To the Editor: Vrshek-Schallhorn et al. dispute our conclusion that historic candidate gene-by-environment (G×E) hypotheses were incorrect, criticizing the measures of environmental stressors we employed. We appreciate the opportunity to respond to their points.
We agree with their point that measures of environment are important, as we emphasized in our article (
1). Our results demonstrate that both interpersonal and noninterpersonal environmental measures influence depression liability (see Table S6 in the online supplement to our article). The additive effects of these environmental measures replicate previous findings that a variety of stressors affect depression liability. However, Vrshek-Schallhorn et al. suggest that the measures we used are completely obscuring real candidate G×E effects. Below, we argue that this cannot be the case and that several of their comments are inaccurate.
They refer to the use of artificially dichotomized questionnaires, implying that we chose arbitrary cutoff points for continuous measures. In actuality, the binary stress measures we examined were inherently dichotomous, indicating whether or not participants endorsed one of a handful of events. For example, exposure to trauma in childhood was coded affirmatively if participants stated that they had been subject to sexual or physical abuse in childhood. On the other hand, we did not dichotomize the Townsend deprivation index, a continuous measure of socioeconomic hardship. In addition, Vrshek-Schallhorn et al. state that our worst-case-scenario measurement error simulations “vastly underestimate the amount of random error introduced by inadequate stress measures,” suggesting that a noisy stress questionnaire measure might account for as little as 16% of the variance of its adequately measured analogue. In response, we introduced this degree of error variance in both the depression and stress measures in our simulations. Even with this extreme degree of error, we still observed greater than 90% power to detect even modest interaction effects by candidate gene standards (odds ratio≥1.26).

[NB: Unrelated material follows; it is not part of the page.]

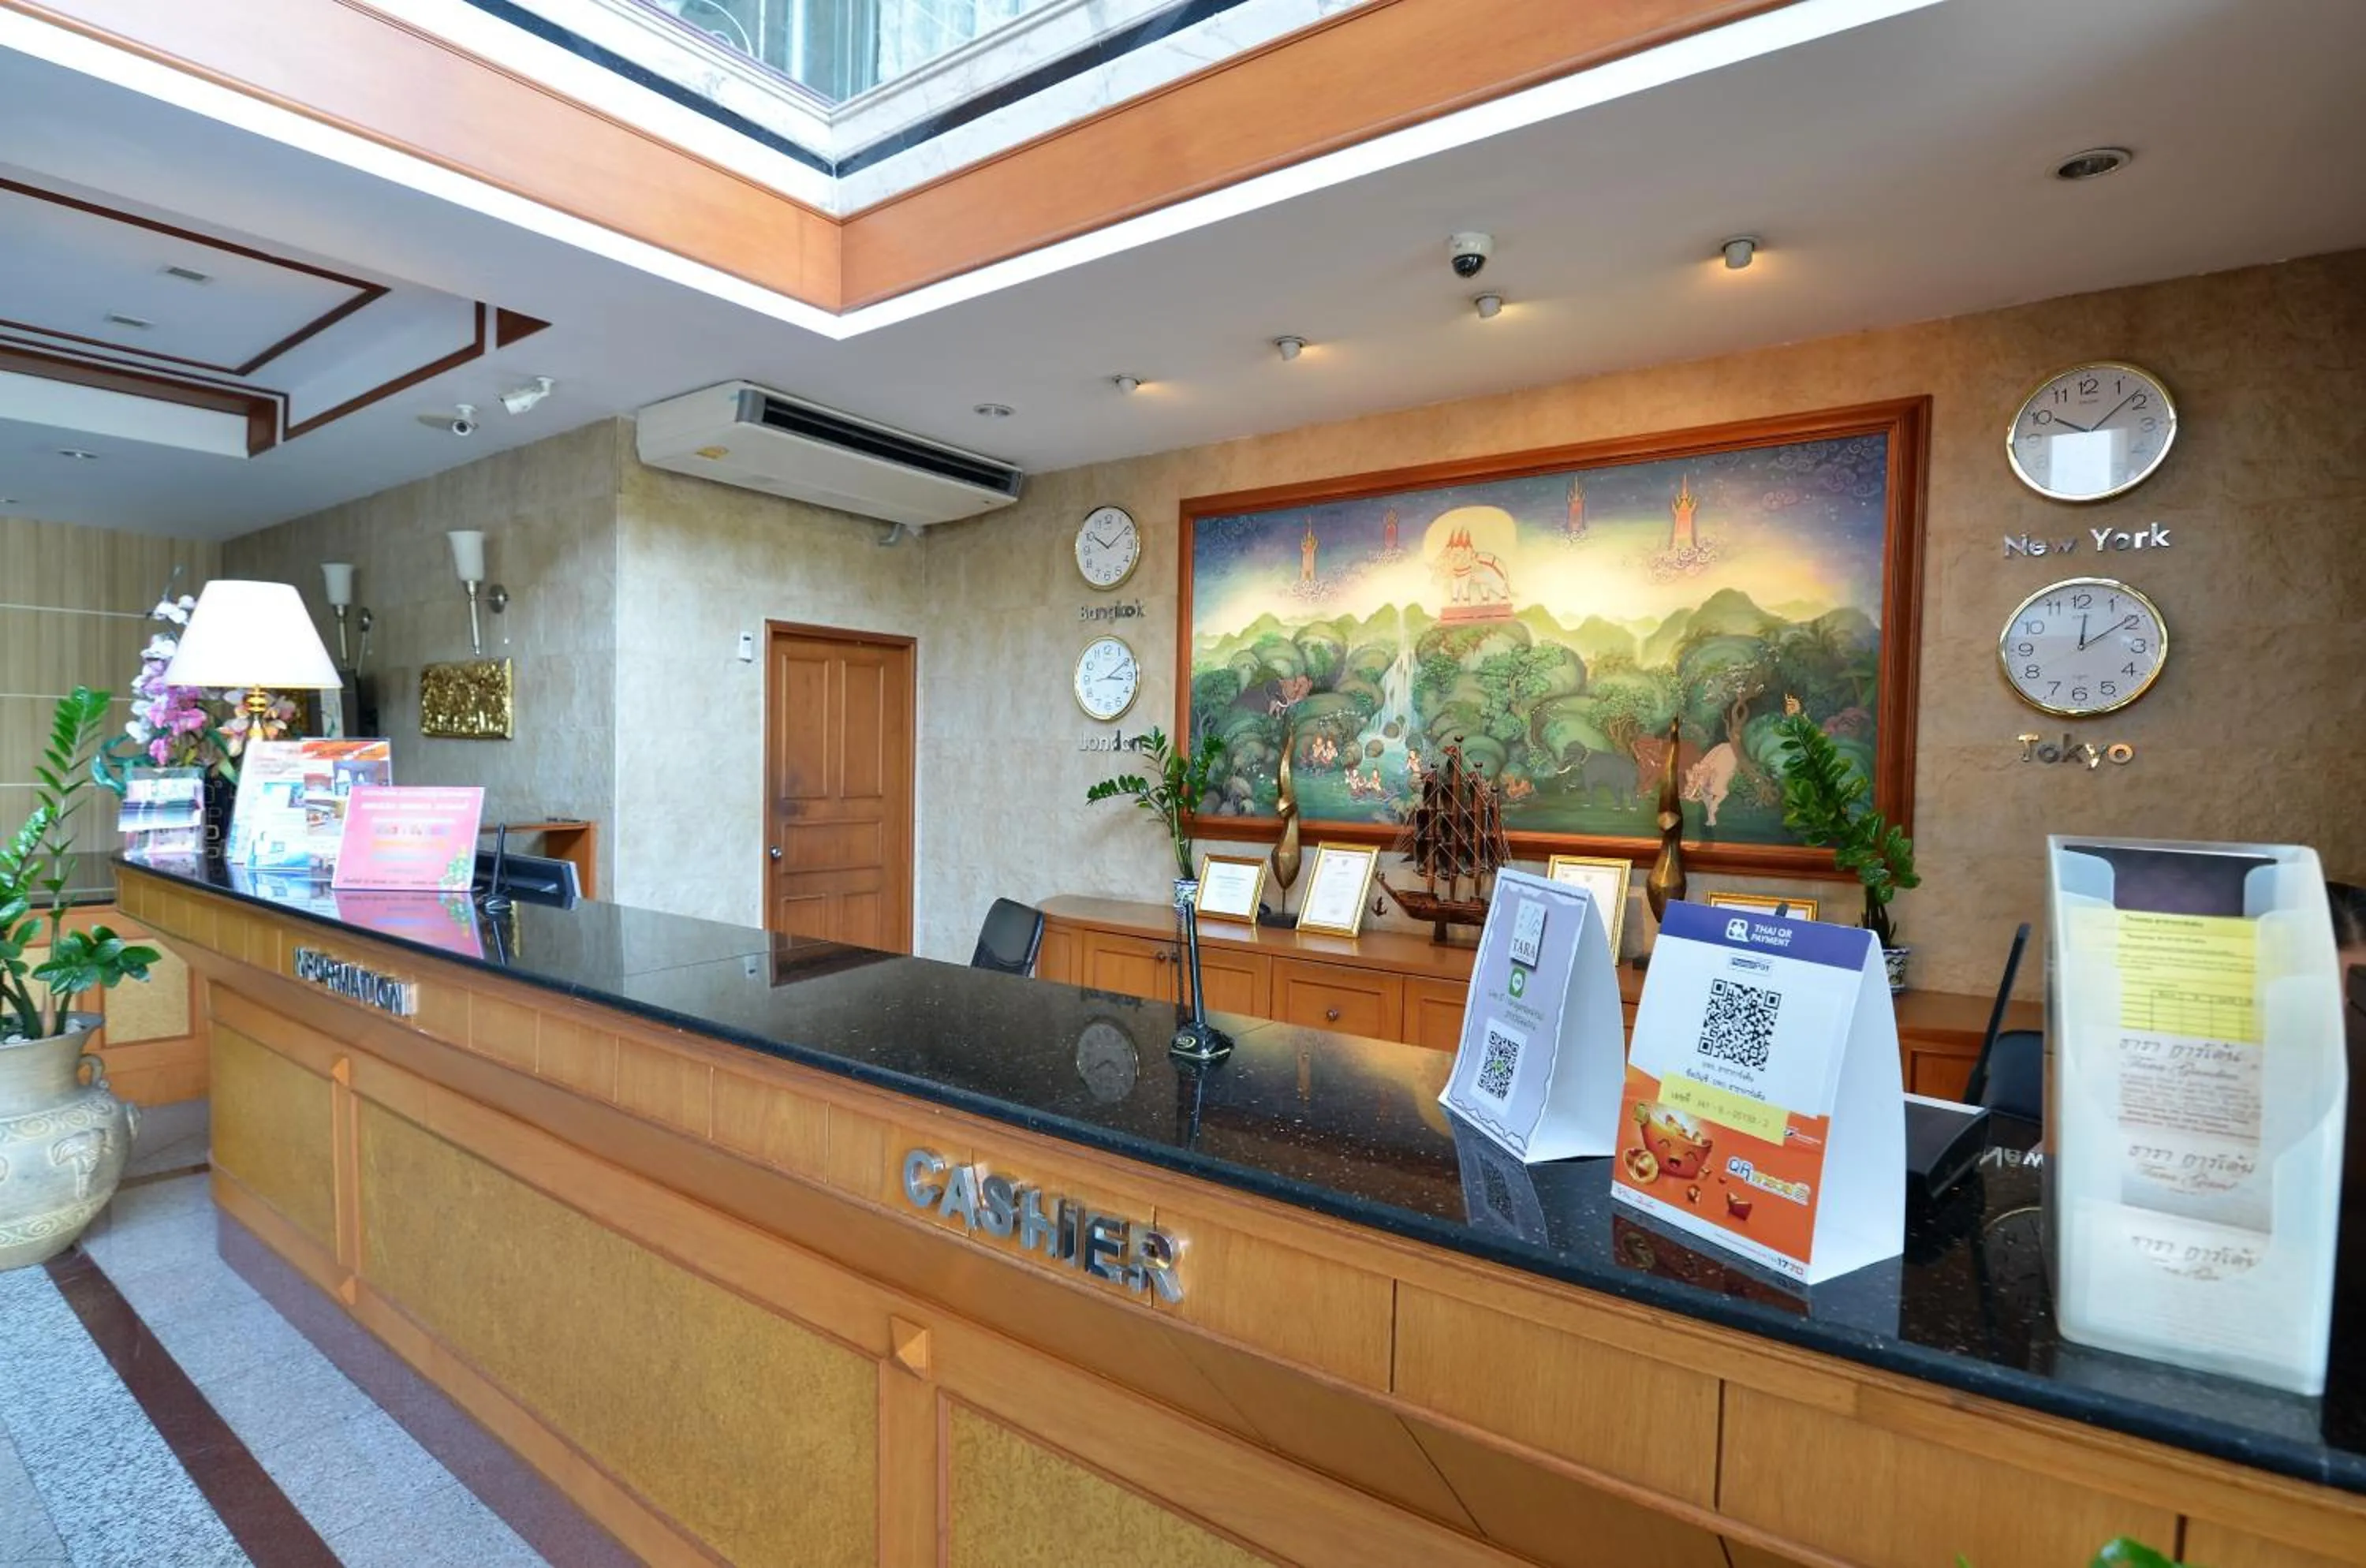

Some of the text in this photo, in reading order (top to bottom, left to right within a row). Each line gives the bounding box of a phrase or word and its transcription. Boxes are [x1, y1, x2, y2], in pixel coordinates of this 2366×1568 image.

Systematic error can influence results, as Vrshek-Schallhorn et al. assert. However, the several severe systematic measurement error regimes we examined (see section S4.3.3 in the online supplement to our article) demonstrate that misclassification of environment measures cannot account for the lack of candidate gene or candidate G×E replication. In truth, we are unable to construct a plausible measurement error model that reconciles the validity of previously reported candidate gene findings with our observations that every stressor we examined evidenced substantial, highly significant effects on every depression measure (see section S6 in the online supplement to our article) but that no candidate gene polymorphism or stressor-by-polymorphism interaction had detectable effects, despite ∼100% power across a broad array of measurement error scenarios. This is not to say that measurement error is unimportant. However, with respect to the large effects reported in the candidate gene literature in small samples, measurement error cannot account for the lack of support for historical candidate gene hypotheses in our study (
1) or in other large, collaborative studies (
2) that have investigated the genetic underpinnings of depression, even in carefully phenotyped studies specifically testing genome-wide G×E hypotheses (
3). Instead, the most plausible explanation for these failures to replicate is that the original candidate gene findings were false positives.

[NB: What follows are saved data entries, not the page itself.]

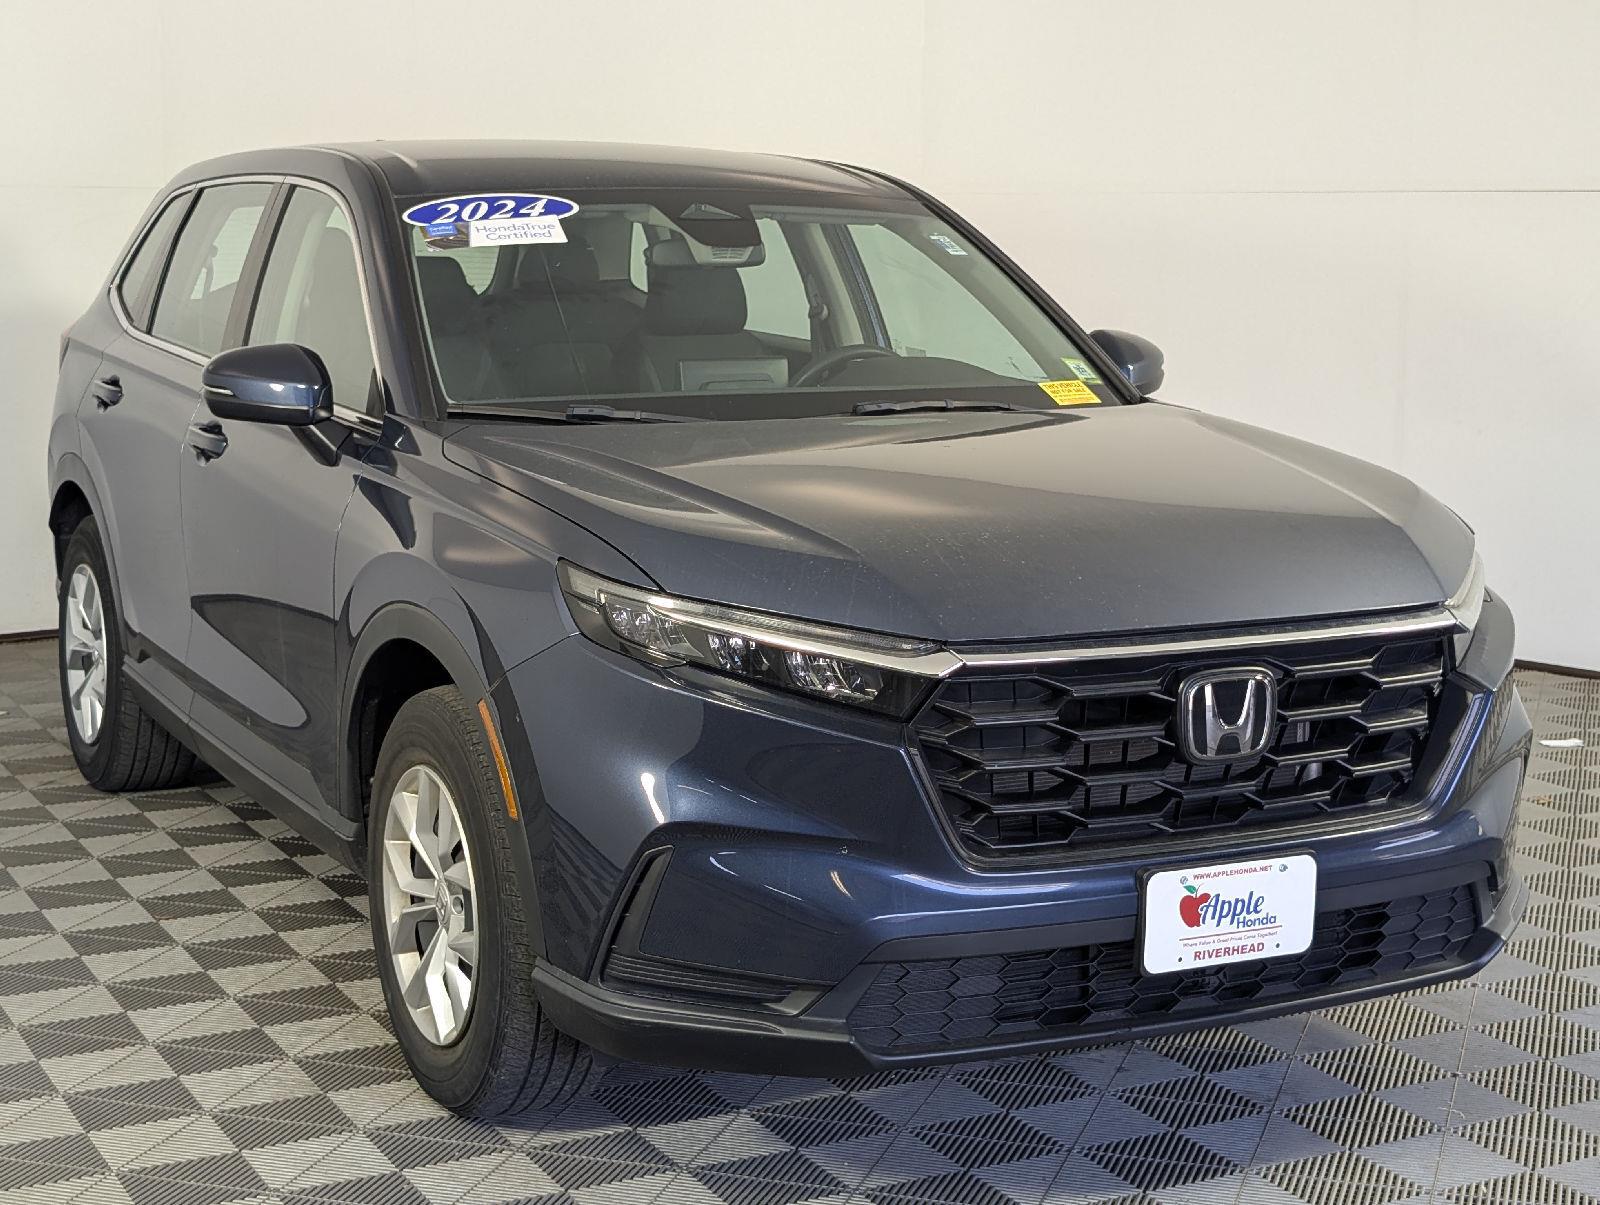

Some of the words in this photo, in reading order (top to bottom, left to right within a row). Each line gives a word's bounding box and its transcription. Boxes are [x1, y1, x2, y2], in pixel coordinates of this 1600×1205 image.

[430, 198, 548, 225] 2024
[474, 222, 557, 233] HondaTrue
[486, 230, 552, 241] Certified
[1193, 864, 1273, 881] WWW.APPLEHONDA.NET
[1199, 890, 1265, 927] Apple
[1236, 912, 1277, 929] Honda
[1193, 942, 1265, 961] RIVERHEAD

Vrshek-Schallhorn et al. also state that we failed to distinguish between weakly correlated types of stress that may interact in different ways with genetic variants. The great majority of scenarios wherein either or both of these types of stress interact with a candidate genetic variant should still produce detectable genetic variant main effects—as noted, none were detected (see section S7 in the online supplement to our article). In the unlikely case of a complete crossover interaction where the variant has no main effect, any interactions detectable in candidate G×E samples as small as those cited by our critics would in turn induce detectable differences in variance across genotypes in large samples, even allowing for extreme measurement error. We found no evidence for such heteroscedasticity (results available upon request).
The trajectory of increasing complexity in candidate gene research follows a pattern of reactions to repeated replication failures. In the 1990s, it was hypothesized that specific, common polymorphisms within serotonergic and other neurotransmitter genes would explain substantial variation in depression liability. In the 2000s, it was hypothesized that moderation of genetic effects by environmental stressors would explain inconsistent main effect findings. Now, Vrshek-Schallhorn et al. suggest that our null findings can be explained by different types of stressors that produce interaction effects in opposite directions, or by catastrophic measurement error, and that their hypotheses cannot be adequately tested in existing well-powered samples. We instead suggest that these lines of inquiry are fundamentally flawed; neither the notion that common variants have large effects on complex traits nor the relevance of these specific candidate polymorphisms to depression is supported by well-powered studies (
1–
5).
The genetic architectures of traits such as depression have revealed themselves to be hyperpolygenic—thousands of common variants influence liability, each exerting an effect far too small to be detected in conventional samples, even with precise phenotypic measurement. The era of using small samples to investigate specific common genetic variants based on historical biological hypotheses that are unsupported by genome-wide data is drawing to a close.